What needs to be done
Each line below must be transcribed with no word changed.

Given entries
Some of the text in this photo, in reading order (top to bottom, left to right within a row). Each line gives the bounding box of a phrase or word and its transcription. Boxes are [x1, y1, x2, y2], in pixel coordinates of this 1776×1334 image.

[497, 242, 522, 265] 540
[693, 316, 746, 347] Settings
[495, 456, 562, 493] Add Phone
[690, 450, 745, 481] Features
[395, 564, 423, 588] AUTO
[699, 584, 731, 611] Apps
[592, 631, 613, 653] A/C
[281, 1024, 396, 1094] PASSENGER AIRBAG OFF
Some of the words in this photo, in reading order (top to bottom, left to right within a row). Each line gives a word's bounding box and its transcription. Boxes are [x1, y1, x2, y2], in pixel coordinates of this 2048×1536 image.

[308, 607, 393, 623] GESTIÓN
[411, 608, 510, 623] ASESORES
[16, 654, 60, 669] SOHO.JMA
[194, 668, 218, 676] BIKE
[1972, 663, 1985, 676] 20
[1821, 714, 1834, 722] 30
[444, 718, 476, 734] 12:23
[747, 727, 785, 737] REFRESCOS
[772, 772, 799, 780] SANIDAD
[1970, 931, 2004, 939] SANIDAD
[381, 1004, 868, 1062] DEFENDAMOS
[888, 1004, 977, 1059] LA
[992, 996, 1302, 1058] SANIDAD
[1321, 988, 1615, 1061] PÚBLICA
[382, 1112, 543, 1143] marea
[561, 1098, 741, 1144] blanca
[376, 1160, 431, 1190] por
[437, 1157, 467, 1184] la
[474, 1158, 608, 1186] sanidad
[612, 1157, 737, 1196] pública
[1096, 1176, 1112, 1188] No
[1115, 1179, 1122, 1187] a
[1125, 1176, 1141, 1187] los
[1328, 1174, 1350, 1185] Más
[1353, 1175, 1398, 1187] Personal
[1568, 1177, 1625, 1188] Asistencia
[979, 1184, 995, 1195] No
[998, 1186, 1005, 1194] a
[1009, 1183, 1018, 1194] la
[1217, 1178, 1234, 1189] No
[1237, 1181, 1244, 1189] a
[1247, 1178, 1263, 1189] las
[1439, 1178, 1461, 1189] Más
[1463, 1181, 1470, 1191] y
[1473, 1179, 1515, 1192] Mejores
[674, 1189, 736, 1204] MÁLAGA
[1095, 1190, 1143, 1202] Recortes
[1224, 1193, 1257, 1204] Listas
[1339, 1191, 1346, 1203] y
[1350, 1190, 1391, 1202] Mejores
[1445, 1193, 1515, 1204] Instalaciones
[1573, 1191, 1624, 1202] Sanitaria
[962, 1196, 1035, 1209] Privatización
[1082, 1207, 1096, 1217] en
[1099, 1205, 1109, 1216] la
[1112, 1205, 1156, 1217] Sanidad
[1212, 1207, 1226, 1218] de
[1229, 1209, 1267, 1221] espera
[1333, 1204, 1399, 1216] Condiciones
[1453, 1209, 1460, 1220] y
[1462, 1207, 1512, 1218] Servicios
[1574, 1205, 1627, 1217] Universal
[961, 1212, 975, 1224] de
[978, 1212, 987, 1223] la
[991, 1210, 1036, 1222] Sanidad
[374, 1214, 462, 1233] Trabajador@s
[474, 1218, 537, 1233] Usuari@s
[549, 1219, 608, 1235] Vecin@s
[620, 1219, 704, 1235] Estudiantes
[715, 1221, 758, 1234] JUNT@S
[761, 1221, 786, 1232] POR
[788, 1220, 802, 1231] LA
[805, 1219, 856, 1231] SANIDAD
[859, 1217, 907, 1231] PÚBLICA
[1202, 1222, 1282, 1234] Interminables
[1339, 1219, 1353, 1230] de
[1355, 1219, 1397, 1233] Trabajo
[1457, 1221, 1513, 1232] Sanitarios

Exercise solution
Some of the text in this photo, in reading order (top to bottom, left to right within a row). Each line gives the bounding box of a phrase or word and its transcription. Boxes are [x1, y1, x2, y2], in pixel coordinates of this 1776×1334 image.

[497, 242, 522, 265] 540
[693, 316, 746, 347] Settings
[495, 456, 562, 493] Add Phone
[690, 450, 745, 481] Features
[395, 564, 423, 588] AUTO
[699, 584, 731, 611] Apps
[592, 631, 613, 653] A/C
[281, 1024, 396, 1094] PASSENGER AIRBAG OFF
Some of the words in this photo, in reading order (top to bottom, left to right within a row). Each line gives a word's bounding box and its transcription. Boxes are [x1, y1, x2, y2], in pixel coordinates of this 2048×1536 image.

[308, 607, 393, 623] GESTIÓN
[411, 608, 510, 623] ASESORES
[16, 654, 60, 669] SOHO.JMA
[194, 668, 218, 676] BIKE
[1972, 663, 1985, 676] 20
[1821, 714, 1834, 722] 30
[444, 718, 476, 734] 12:23
[747, 727, 785, 737] REFRESCOS
[772, 772, 799, 780] SANIDAD
[1970, 931, 2004, 939] SANIDAD
[381, 1004, 868, 1062] DEFENDAMOS
[888, 1004, 977, 1059] LA
[992, 996, 1302, 1058] SANIDAD
[1321, 988, 1615, 1061] PÚBLICA
[382, 1112, 543, 1143] marea
[561, 1098, 741, 1144] blanca
[376, 1160, 431, 1190] por
[437, 1157, 467, 1184] la
[474, 1158, 608, 1186] sanidad
[612, 1157, 737, 1196] pública
[1096, 1176, 1112, 1188] No
[1115, 1179, 1122, 1187] a
[1125, 1176, 1141, 1187] los
[1328, 1174, 1350, 1185] Más
[1353, 1175, 1398, 1187] Personal
[1568, 1177, 1625, 1188] Asistencia
[979, 1184, 995, 1195] No
[998, 1186, 1005, 1194] a
[1009, 1183, 1018, 1194] la
[1217, 1178, 1234, 1189] No
[1237, 1181, 1244, 1189] a
[1247, 1178, 1263, 1189] las
[1439, 1178, 1461, 1189] Más
[1463, 1181, 1470, 1191] y
[1473, 1179, 1515, 1192] Mejores
[674, 1189, 736, 1204] MÁLAGA
[1095, 1190, 1143, 1202] Recortes
[1224, 1193, 1257, 1204] Listas
[1339, 1191, 1346, 1203] y
[1350, 1190, 1391, 1202] Mejores
[1445, 1193, 1515, 1204] Instalaciones
[1573, 1191, 1624, 1202] Sanitaria
[962, 1196, 1035, 1209] Privatización
[1082, 1207, 1096, 1217] en
[1099, 1205, 1109, 1216] la
[1112, 1205, 1156, 1217] Sanidad
[1212, 1207, 1226, 1218] de
[1229, 1209, 1267, 1221] espera
[1333, 1204, 1399, 1216] Condiciones
[1453, 1209, 1460, 1220] y
[1462, 1207, 1512, 1218] Servicios
[1574, 1205, 1627, 1217] Universal
[961, 1212, 975, 1224] de
[978, 1212, 987, 1223] la
[991, 1210, 1036, 1222] Sanidad
[374, 1214, 462, 1233] Trabajador@s
[474, 1218, 537, 1233] Usuari@s
[549, 1219, 608, 1235] Vecin@s
[620, 1219, 704, 1235] Estudiantes
[715, 1221, 758, 1234] JUNT@S
[761, 1221, 786, 1232] POR
[788, 1220, 802, 1231] LA
[805, 1219, 856, 1231] SANIDAD
[859, 1217, 907, 1231] PÚBLICA
[1202, 1222, 1282, 1234] Interminables
[1339, 1219, 1353, 1230] de
[1355, 1219, 1397, 1233] Trabajo
[1457, 1221, 1513, 1232] Sanitarios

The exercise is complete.